(Stored data entries)
━━━━━━━━━━
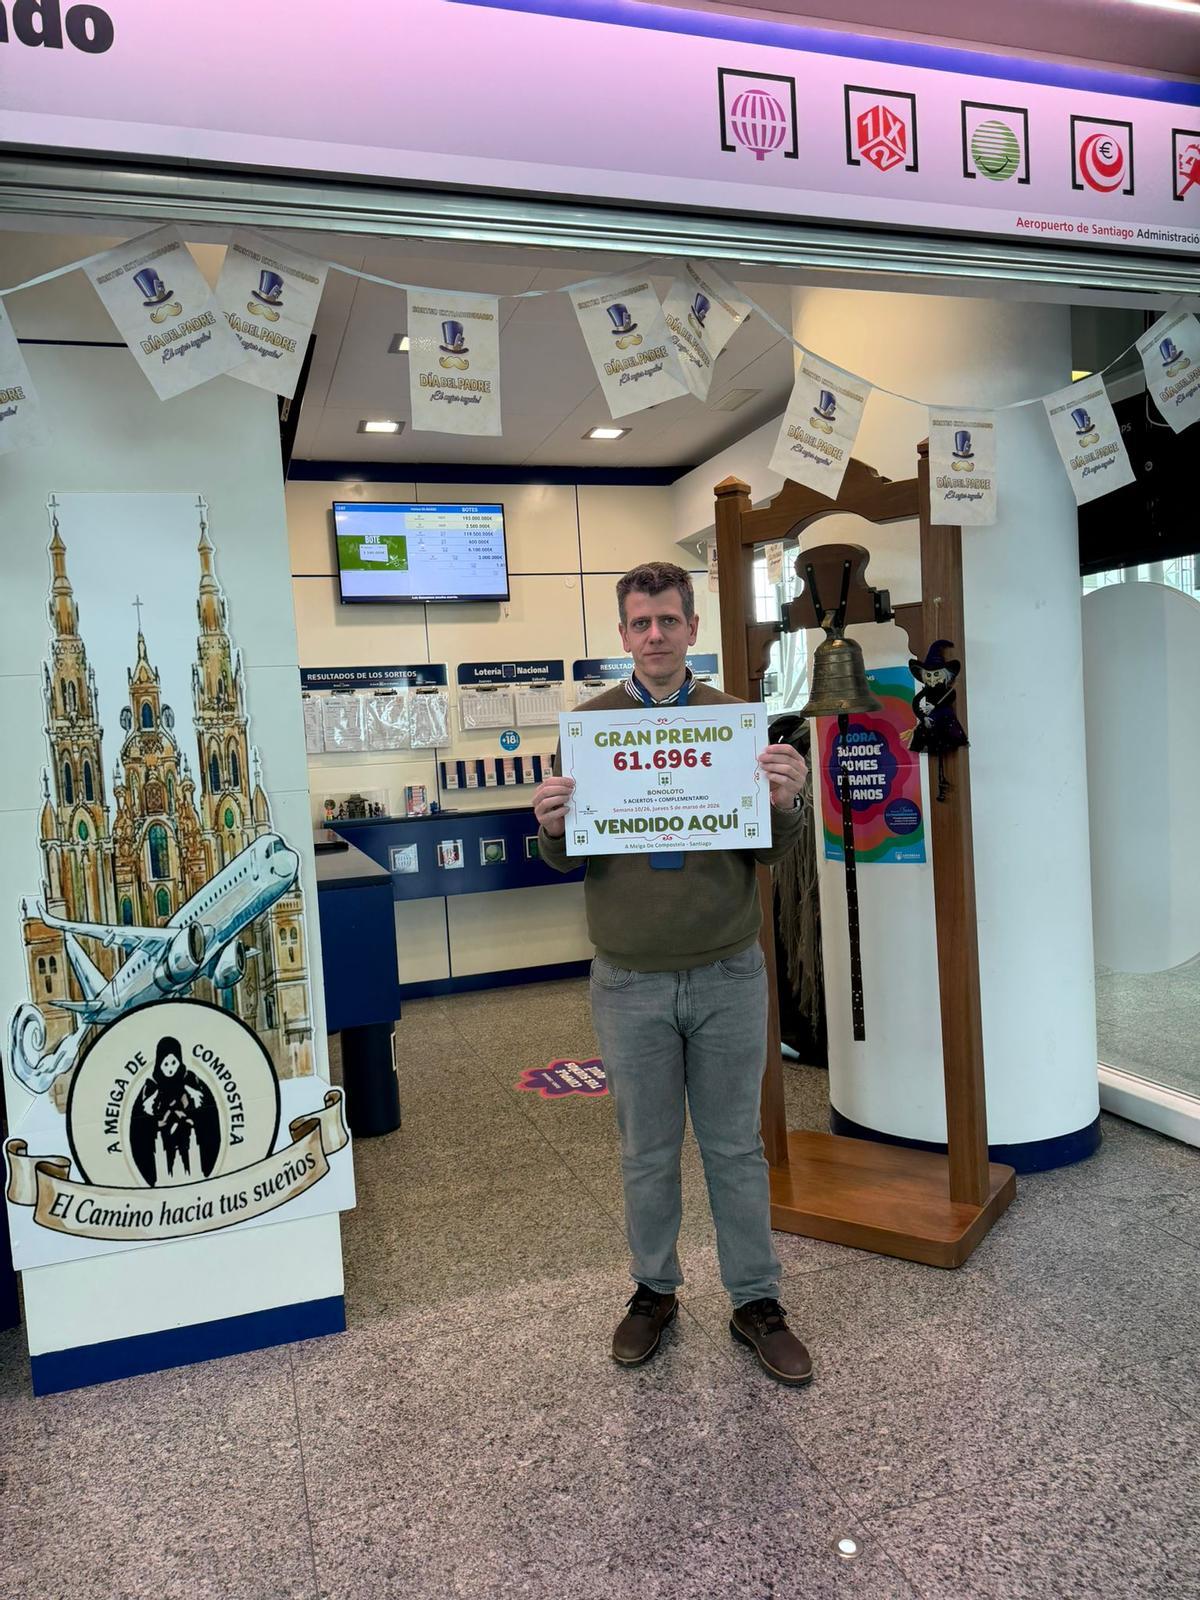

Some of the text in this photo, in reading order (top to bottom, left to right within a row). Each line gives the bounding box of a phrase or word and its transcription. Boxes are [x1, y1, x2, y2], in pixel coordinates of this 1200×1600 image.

[1016, 217, 1074, 232] Aeropuerto
[1076, 222, 1089, 234] de
[1092, 224, 1134, 240] Santiago
[140, 311, 216, 354] DÍA DEL PADRE
[242, 321, 260, 338] DEL
[260, 327, 297, 352] PADRE
[604, 358, 624, 376] DÍA
[624, 355, 639, 370] DEL
[637, 345, 669, 365] PADRE
[420, 372, 491, 393] DÍA DEL PADRE
[1159, 377, 1190, 402] DÍA DEL
[0, 386, 26, 404] DRE
[787, 425, 844, 461] DÍA DEL PADRE
[365, 536, 380, 544] BOTE
[307, 672, 355, 681] RESULTADOS
[369, 671, 383, 679] LOS
[384, 670, 417, 678] SORTEOS
[474, 665, 549, 676] Lotería Nacional
[594, 726, 733, 747] GRAN PREMIO
[839, 732, 877, 743] GORA
[855, 759, 879, 771] MES
[837, 774, 886, 786] DRANTE
[658, 795, 709, 803] COMPLEMENTARIO
[853, 788, 884, 800] ANOS
[594, 807, 739, 835] VENDIDO AQUÍ
[654, 841, 685, 849] Compostela
[104, 1044, 246, 1155] A MEIGA DE COMPOSTELA
[49, 1153, 316, 1228] El Camino hacia tus sueños
━━━━━━━━━━
EXERCISE BRIEF: Your copy must repeat the data word for word and show none of its images.

SOLUTION TO THIS PROBLEM:
Some of the text in this photo, in reading order (top to bottom, left to right within a row). Each line gives the bounding box of a phrase or word and its transcription. Boxes are [x1, y1, x2, y2], in pixel coordinates of this 1200×1600 image.

[1016, 217, 1074, 232] Aeropuerto
[1076, 222, 1089, 234] de
[1092, 224, 1134, 240] Santiago
[140, 311, 216, 354] DÍA DEL PADRE
[242, 321, 260, 338] DEL
[260, 327, 297, 352] PADRE
[604, 358, 624, 376] DÍA
[624, 355, 639, 370] DEL
[637, 345, 669, 365] PADRE
[420, 372, 491, 393] DÍA DEL PADRE
[1159, 377, 1190, 402] DÍA DEL
[0, 386, 26, 404] DRE
[787, 425, 844, 461] DÍA DEL PADRE
[365, 536, 380, 544] BOTE
[307, 672, 355, 681] RESULTADOS
[369, 671, 383, 679] LOS
[384, 670, 417, 678] SORTEOS
[474, 665, 549, 676] Lotería Nacional
[594, 726, 733, 747] GRAN PREMIO
[839, 732, 877, 743] GORA
[855, 759, 879, 771] MES
[837, 774, 886, 786] DRANTE
[658, 795, 709, 803] COMPLEMENTARIO
[853, 788, 884, 800] ANOS
[594, 807, 739, 835] VENDIDO AQUÍ
[654, 841, 685, 849] Compostela
[104, 1044, 246, 1155] A MEIGA DE COMPOSTELA
[49, 1153, 316, 1228] El Camino hacia tus sueños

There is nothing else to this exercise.